By Stewart McLean
Animal skulls, tree bark, herbs, roots and bubbling pots - all have a role in southern Africa's traditional medicine, which is flourishing even in Johannesburg's central business district.
When I enquire about a cure for my cold, I am not expecting to be handed the head of a deadly black mamba snake.
But that is exactly what Fikile Sikhali pulls from a plastic supermarket carrier bag as I describe my recent symptoms.
Pointing to the reptile's fangs, gleaming proudly from a lifeless jaw that has been propped open with a match stick, she shows how me to grind the snake's head in a steel pestle and mortar, sprinkle the acrid grey powder on my hand and lick it off to absorb its nutrients.
Faraday market is one of Johannesburg's two main muti markets
Within hours, she says, I will feel stronger, healthier and better equipped to fight off that lingering sniffle.
The unusual prescription is one of hundreds given every day at the Faraday muti market in Johannesburg - a colourful, ramshackle collection of more than 100 stalls run by traditional healers from across South Africa and its neighbouring nations.
Alongside the snake heads, Fikile's stock includes the skins of various mammals, cow bones, sheep trotters, and even the entire skull of a buffalo.
Each item, she tells me, has its own particular use and value in the world of muti - the traditional medicine practised widely across southern Africa.
And rising from her rickety bench - dressed in modern clothes and with her face vividly daubed with a layer of orange clay - Fikile eagerly introduces me to the offerings on the other intriguing stalls nearby.
One man's table is piled high with sacks of ground-up tree bark for curing headaches and impotence.
The Traditional Healers Association claims to have almost 30,000 members who each see, on average, 30 patients a day
Another is selling recycled whisky and Coca-Cola bottles filled with glowing liquids.
And his neighbour has hanging the huge skin of what once was a 20-foot (six-metre) python - to be ground into a powerful powder which can improve one's internal life force.
The Faraday stalls form one of two established muti markets in Johannesburg.
Both serve the needs of thousands of inyangas and sangomas - the local words for traditional healers - from the multitude of tribes which form the Nguni societies, including in South Africa the Zulu, Xhosa and Swazi groups.
For the uninitiated, the stench of rotting animal carcasses in the sweltering heat, the presence of several thousand persistent flies and the lack of any conventionally-trained practitioners could make both sites seem unlikely places to seek medical assistance.
Certainly, to visitors, the thronging markets can seem decidedly otherworldly and unsettling.
Even after two years living in South Africa, I definitely feel like a foreigner as I watch the exuberantly-dressed sangomas adorned with strings of shells and bright strips of cloth shopping for the vital ingredients needed to treat their patients in the country's rural areas or densely-packed townships.

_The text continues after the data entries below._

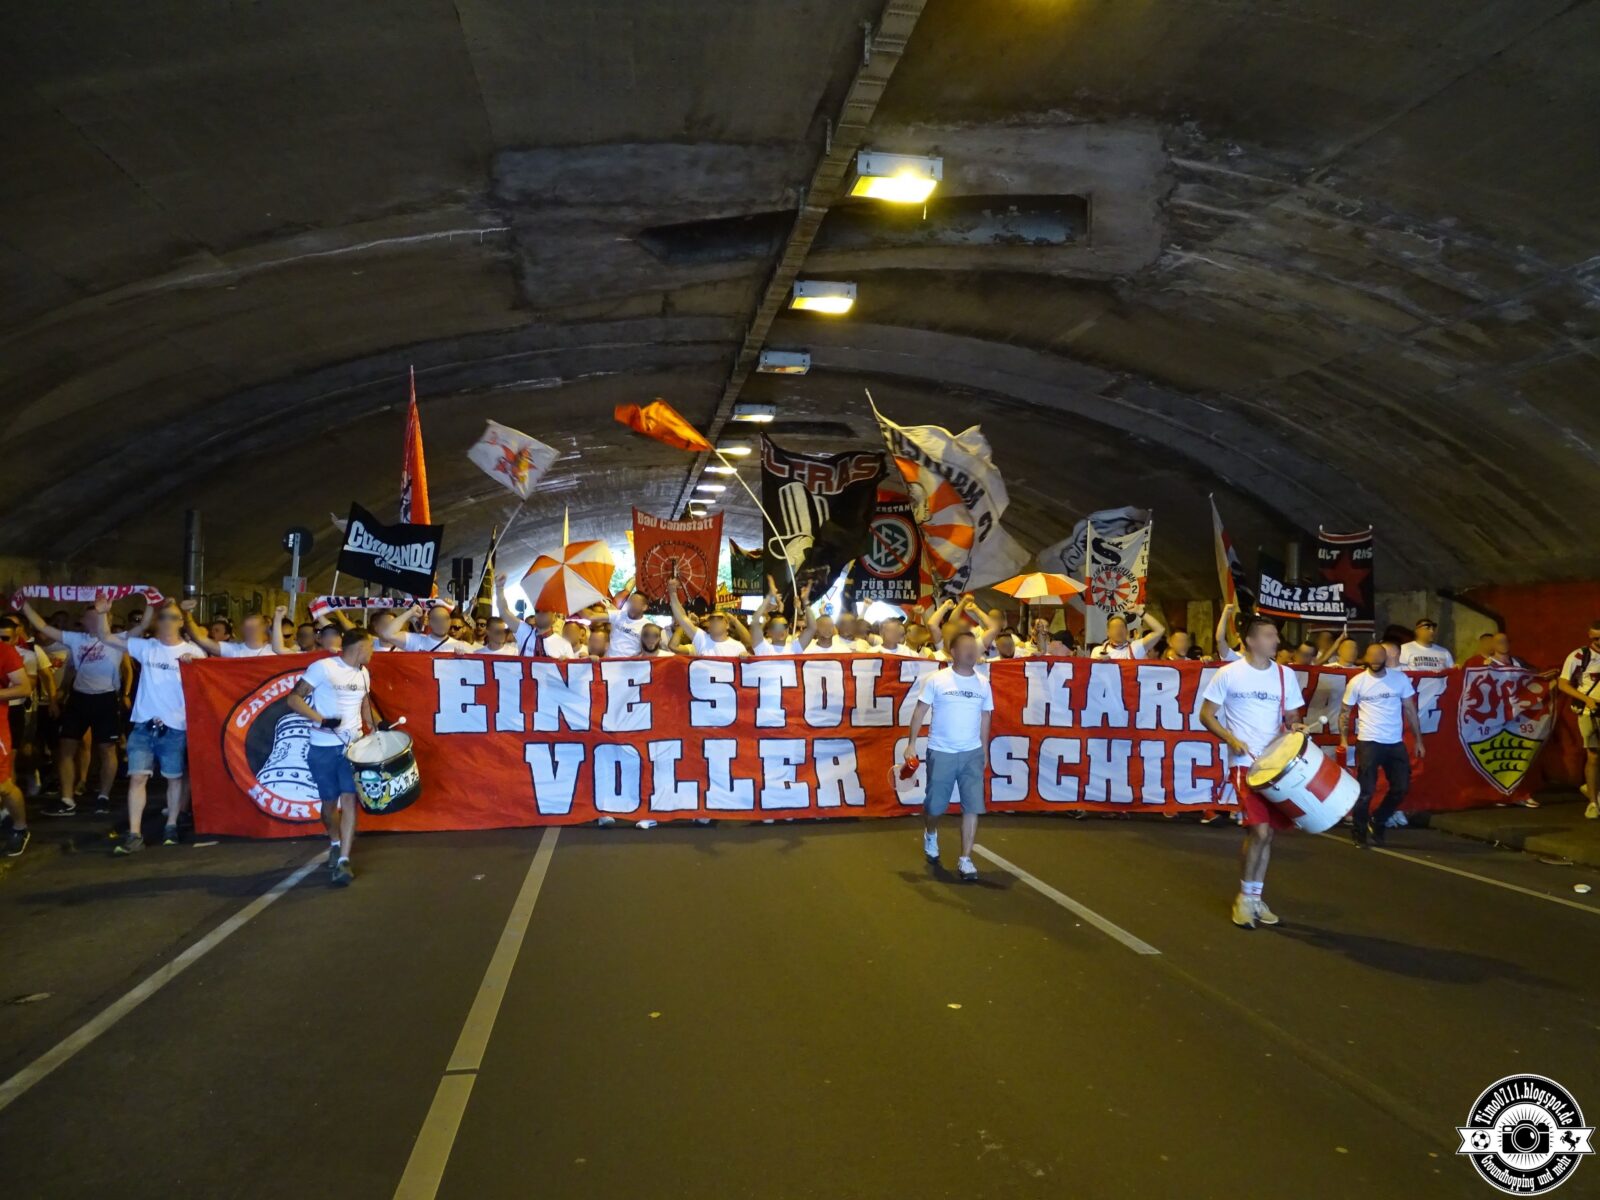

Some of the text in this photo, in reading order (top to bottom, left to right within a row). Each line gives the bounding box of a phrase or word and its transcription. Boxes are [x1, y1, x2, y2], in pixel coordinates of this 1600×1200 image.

[761, 436, 881, 495] LTRAS
[637, 511, 714, 531] Bad Cannstatt
[855, 590, 917, 600] FUSSBALL
[861, 578, 912, 590] FÜR DEN
[1260, 573, 1344, 601] 50+1 IST
[1260, 593, 1344, 613] UNANTASTBAR!
[235, 674, 302, 728] CANN
[433, 658, 1449, 736] EINE STOLZ KARAE
[1477, 723, 1535, 736] 18 93
[524, 738, 867, 814] VOLLER

Yet the dilapidated stalls lie inside Johannesburg's Central Business District - the bustling city centre which contains the skyscrapers and office blocks of Africa's richest city.

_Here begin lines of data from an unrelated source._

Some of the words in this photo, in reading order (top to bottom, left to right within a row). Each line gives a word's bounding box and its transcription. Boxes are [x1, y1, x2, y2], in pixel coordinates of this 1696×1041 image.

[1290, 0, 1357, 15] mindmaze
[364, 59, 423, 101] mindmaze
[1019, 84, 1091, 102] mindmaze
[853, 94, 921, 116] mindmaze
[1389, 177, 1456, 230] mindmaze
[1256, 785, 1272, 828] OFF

There is a traditional healer in almost every community
And the presence of the healers' markets at the heart of modern Joburg is striking proof that traditional medicine in South Africa is anything but a marginal industry or sideshow.

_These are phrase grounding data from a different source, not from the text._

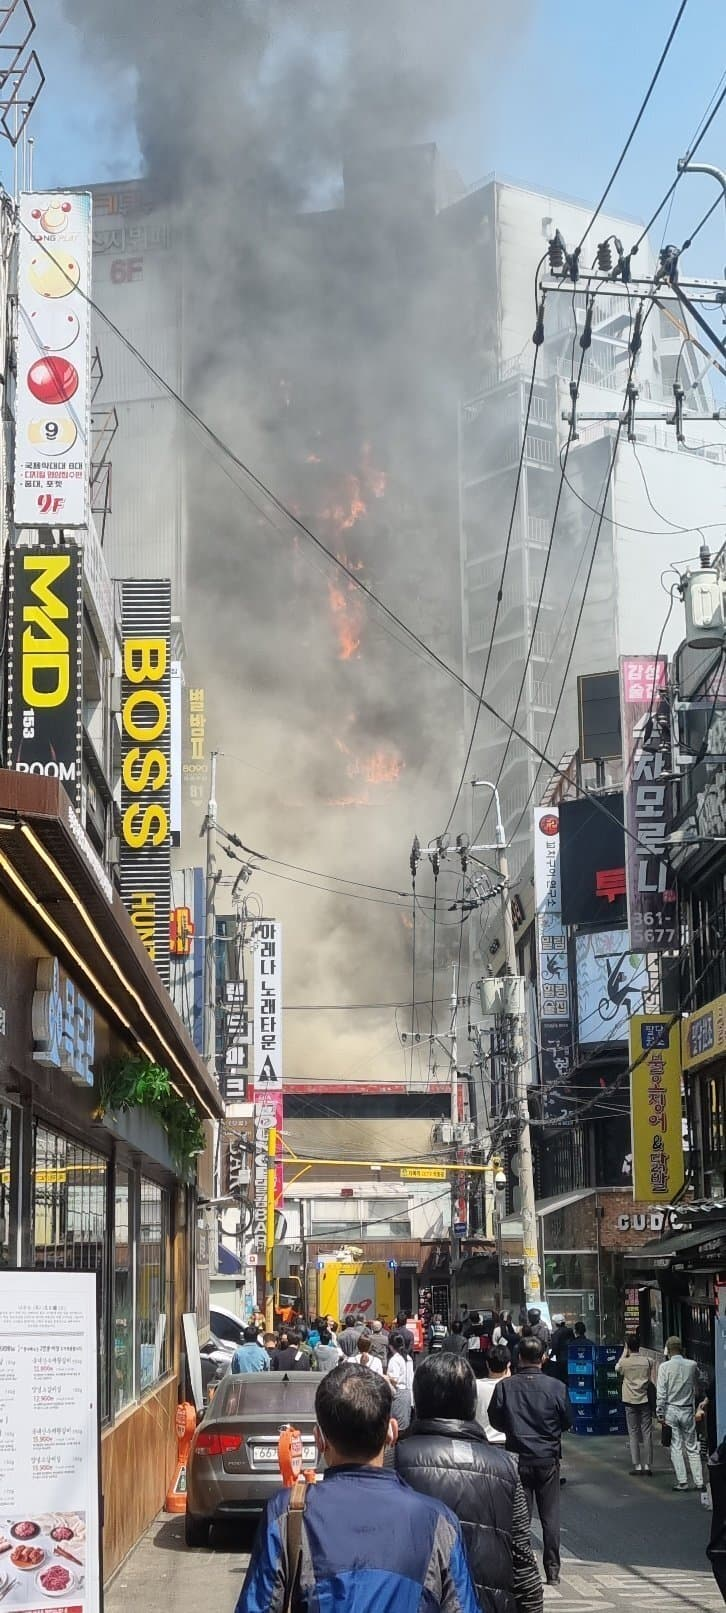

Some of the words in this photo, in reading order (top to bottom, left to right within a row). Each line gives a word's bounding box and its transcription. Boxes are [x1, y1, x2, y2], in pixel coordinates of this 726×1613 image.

[111, 257, 143, 284] 6F
[38, 494, 64, 513] 9F
[22, 555, 71, 708] MAD
[628, 664, 661, 680] 감성
[22, 708, 35, 738] 153
[122, 639, 168, 849] BOSS
[633, 928, 675, 943] 5677
[542, 983, 567, 998] 힐링
[261, 981, 277, 1051] 노래타운
[542, 1000, 568, 1015] 술집
[343, 1298, 373, 1314] 119

The country's healers are strictly regulated by law and represented by the Traditional Healers Association which claims to have almost 30,000 members who each see, on average, 30 patients a day.
It says around three-quarters of South Africans use traditional medicine each year, and claims the number doing so has increased considerably over the last five decades - suggesting that as the country's population has grown so too has the faith in the healing techniques of the ancestors.
The healers themselves, by all accounts, make a good living in a country where millions survive on a pittance.
There are concerns in some quarters about patients, including pregnant mothers who choose to remain disengaged from state-run sources of treatment.
But those who support the vibrant trade maintain traditional medicines - when taken in conjunction with a traditional lifestyle - can be a solution as powerful as anything the multinational drugs companies can produce.
And in a country where public healthcare for the poor can be patchy or too distant, the presence of traditional healers in virtually all local communities means that someone is, at least, on hand to offer guidance and counselling.
Perhaps the biggest current threat to the industry, like so much in the world, is the global economic crisis.
Back at the Faraday market stall-holder Mamphumelo Dladla admits trade recently has slumped.
"We used to have many customers a day," the Zulu salesman tells me from his perch on an upturned crate.
"Now people do not have jobs and the business is far less," he says.
"At the moment many people are so poor they cannot afford treatment."
Surrounded by snake heads, animal carcasses and pots bubbling with unidentified liquids, that remains the most unsettling thought of all.